WHAT YOU NEED TO DO -
Each line below must be transcribed exactly, and no picture may appear in the transcription.

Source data

________

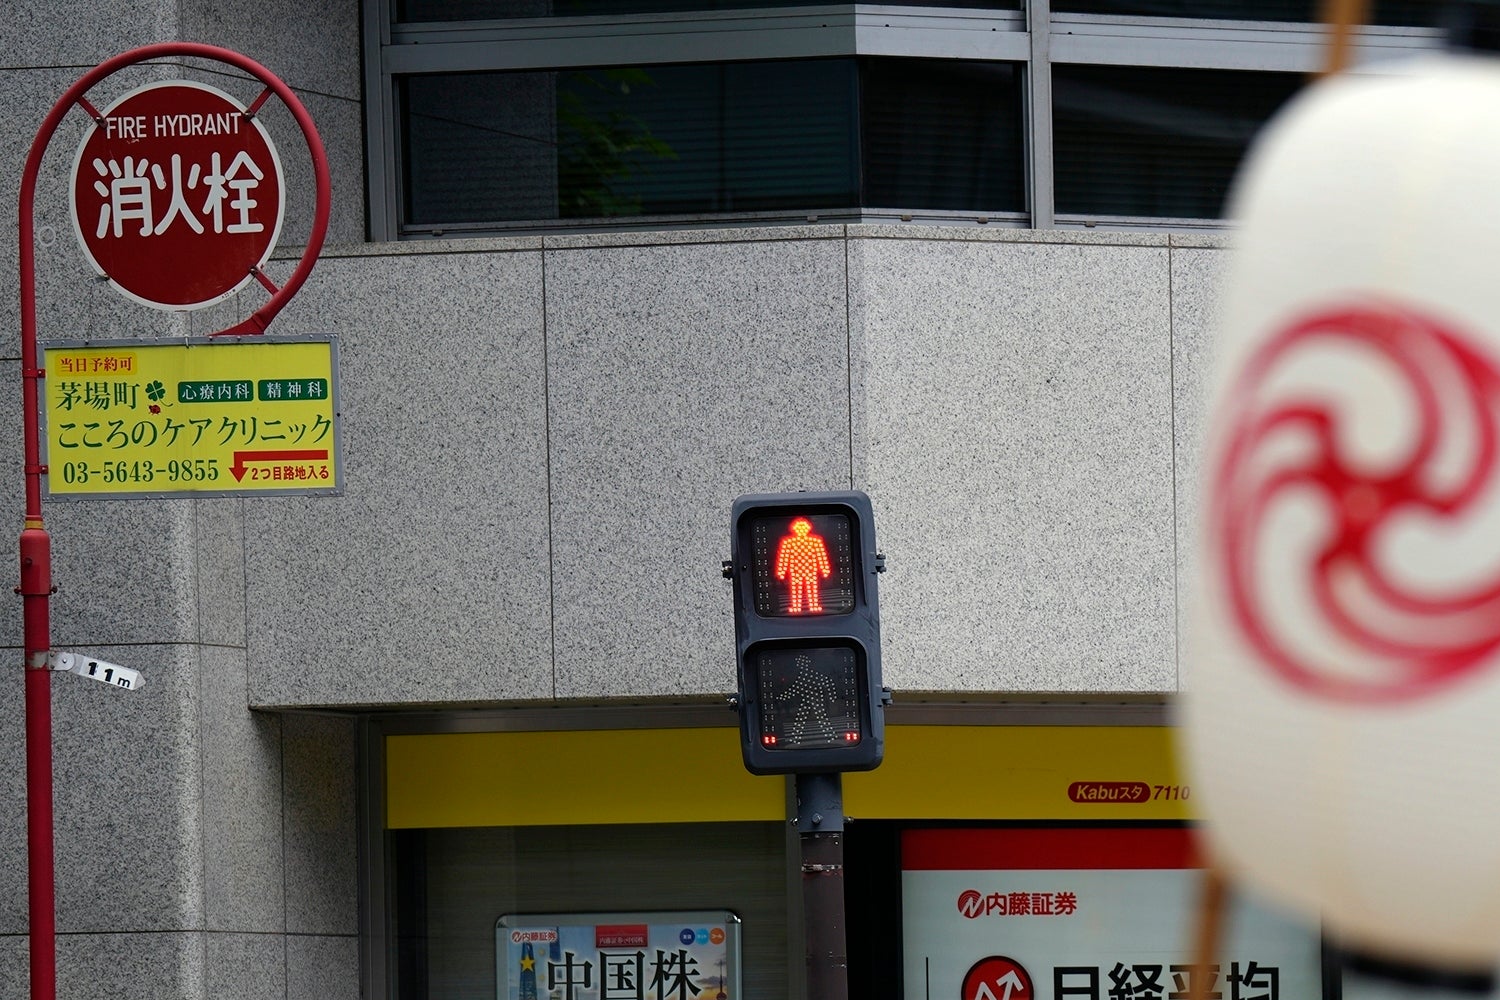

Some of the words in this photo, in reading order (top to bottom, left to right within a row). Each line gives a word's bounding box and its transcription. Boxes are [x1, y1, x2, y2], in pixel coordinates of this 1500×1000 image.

[106, 116, 147, 139] FIRE
[154, 112, 241, 138] HYDRANT
[93, 150, 265, 239] 消火栓
[60, 356, 133, 373] 当日予約可
[55, 381, 140, 411] 茅場町
[182, 384, 251, 400] 心療内科
[266, 381, 323, 398] 精神科
[58, 414, 332, 449] こころのケアクリニック
[63, 459, 219, 483] 03-5643-9855
[251, 465, 330, 481] 2つ目路地入る
[1075, 784, 1143, 801] Kabuスタ
[1153, 785, 1191, 800] 7110
[985, 892, 1077, 916] 内藤証券

________

TASK RESULT -
Some of the words in this photo, in reading order (top to bottom, left to right within a row). Each line gives a word's bounding box and its transcription. Boxes are [x1, y1, x2, y2], in pixel coordinates of this 1500×1000 image.

[106, 116, 147, 139] FIRE
[154, 112, 241, 138] HYDRANT
[93, 150, 265, 239] 消火栓
[60, 356, 133, 373] 当日予約可
[55, 381, 140, 411] 茅場町
[182, 384, 251, 400] 心療内科
[266, 381, 323, 398] 精神科
[58, 414, 332, 449] こころのケアクリニック
[63, 459, 219, 483] 03-5643-9855
[251, 465, 330, 481] 2つ目路地入る
[1075, 784, 1143, 801] Kabuスタ
[1153, 785, 1191, 800] 7110
[985, 892, 1077, 916] 内藤証券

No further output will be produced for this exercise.